→ Instructions to follow
Each of the entries should be retyped precisely as it appears.

→ Records for this task
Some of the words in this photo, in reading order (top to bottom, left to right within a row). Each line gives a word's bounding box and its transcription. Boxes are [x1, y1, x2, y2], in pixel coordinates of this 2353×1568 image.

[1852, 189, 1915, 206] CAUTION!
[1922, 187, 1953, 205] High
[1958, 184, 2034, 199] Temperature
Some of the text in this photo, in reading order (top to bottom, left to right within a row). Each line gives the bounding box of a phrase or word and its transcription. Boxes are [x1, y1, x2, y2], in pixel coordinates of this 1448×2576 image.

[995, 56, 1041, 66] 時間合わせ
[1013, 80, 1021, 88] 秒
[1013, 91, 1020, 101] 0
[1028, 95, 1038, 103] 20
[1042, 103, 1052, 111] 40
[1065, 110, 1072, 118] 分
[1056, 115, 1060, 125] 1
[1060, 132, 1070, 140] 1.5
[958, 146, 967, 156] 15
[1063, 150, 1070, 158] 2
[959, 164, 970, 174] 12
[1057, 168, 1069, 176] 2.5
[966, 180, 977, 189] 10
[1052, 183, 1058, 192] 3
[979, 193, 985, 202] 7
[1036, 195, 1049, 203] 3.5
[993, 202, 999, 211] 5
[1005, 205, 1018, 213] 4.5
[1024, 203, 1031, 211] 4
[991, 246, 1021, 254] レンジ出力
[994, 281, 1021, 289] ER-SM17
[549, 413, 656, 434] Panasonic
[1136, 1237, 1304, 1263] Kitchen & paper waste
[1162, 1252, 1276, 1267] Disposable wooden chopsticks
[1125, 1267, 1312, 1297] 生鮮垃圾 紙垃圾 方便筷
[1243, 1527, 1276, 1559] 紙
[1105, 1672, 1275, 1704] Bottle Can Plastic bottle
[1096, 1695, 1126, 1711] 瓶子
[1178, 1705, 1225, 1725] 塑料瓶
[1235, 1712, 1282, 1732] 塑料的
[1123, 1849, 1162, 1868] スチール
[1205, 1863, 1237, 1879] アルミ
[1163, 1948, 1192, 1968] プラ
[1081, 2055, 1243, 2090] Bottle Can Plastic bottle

→ Solution to the problem
Some of the words in this photo, in reading order (top to bottom, left to right within a row). Each line gives a word's bounding box and its transcription. Boxes are [x1, y1, x2, y2], in pixel coordinates of this 2353×1568 image.

[1852, 189, 1915, 206] CAUTION!
[1922, 187, 1953, 205] High
[1958, 184, 2034, 199] Temperature
Some of the text in this photo, in reading order (top to bottom, left to right within a row). Each line gives the bounding box of a phrase or word and its transcription. Boxes are [x1, y1, x2, y2], in pixel coordinates of this 1448×2576 image.

[995, 56, 1041, 66] 時間合わせ
[1013, 80, 1021, 88] 秒
[1013, 91, 1020, 101] 0
[1028, 95, 1038, 103] 20
[1042, 103, 1052, 111] 40
[1065, 110, 1072, 118] 分
[1056, 115, 1060, 125] 1
[1060, 132, 1070, 140] 1.5
[958, 146, 967, 156] 15
[1063, 150, 1070, 158] 2
[959, 164, 970, 174] 12
[1057, 168, 1069, 176] 2.5
[966, 180, 977, 189] 10
[1052, 183, 1058, 192] 3
[979, 193, 985, 202] 7
[1036, 195, 1049, 203] 3.5
[993, 202, 999, 211] 5
[1005, 205, 1018, 213] 4.5
[1024, 203, 1031, 211] 4
[991, 246, 1021, 254] レンジ出力
[994, 281, 1021, 289] ER-SM17
[549, 413, 656, 434] Panasonic
[1136, 1237, 1304, 1263] Kitchen & paper waste
[1162, 1252, 1276, 1267] Disposable wooden chopsticks
[1125, 1267, 1312, 1297] 生鮮垃圾 紙垃圾 方便筷
[1243, 1527, 1276, 1559] 紙
[1105, 1672, 1275, 1704] Bottle Can Plastic bottle
[1096, 1695, 1126, 1711] 瓶子
[1178, 1705, 1225, 1725] 塑料瓶
[1235, 1712, 1282, 1732] 塑料的
[1123, 1849, 1162, 1868] スチール
[1205, 1863, 1237, 1879] アルミ
[1163, 1948, 1192, 1968] プラ
[1081, 2055, 1243, 2090] Bottle Can Plastic bottle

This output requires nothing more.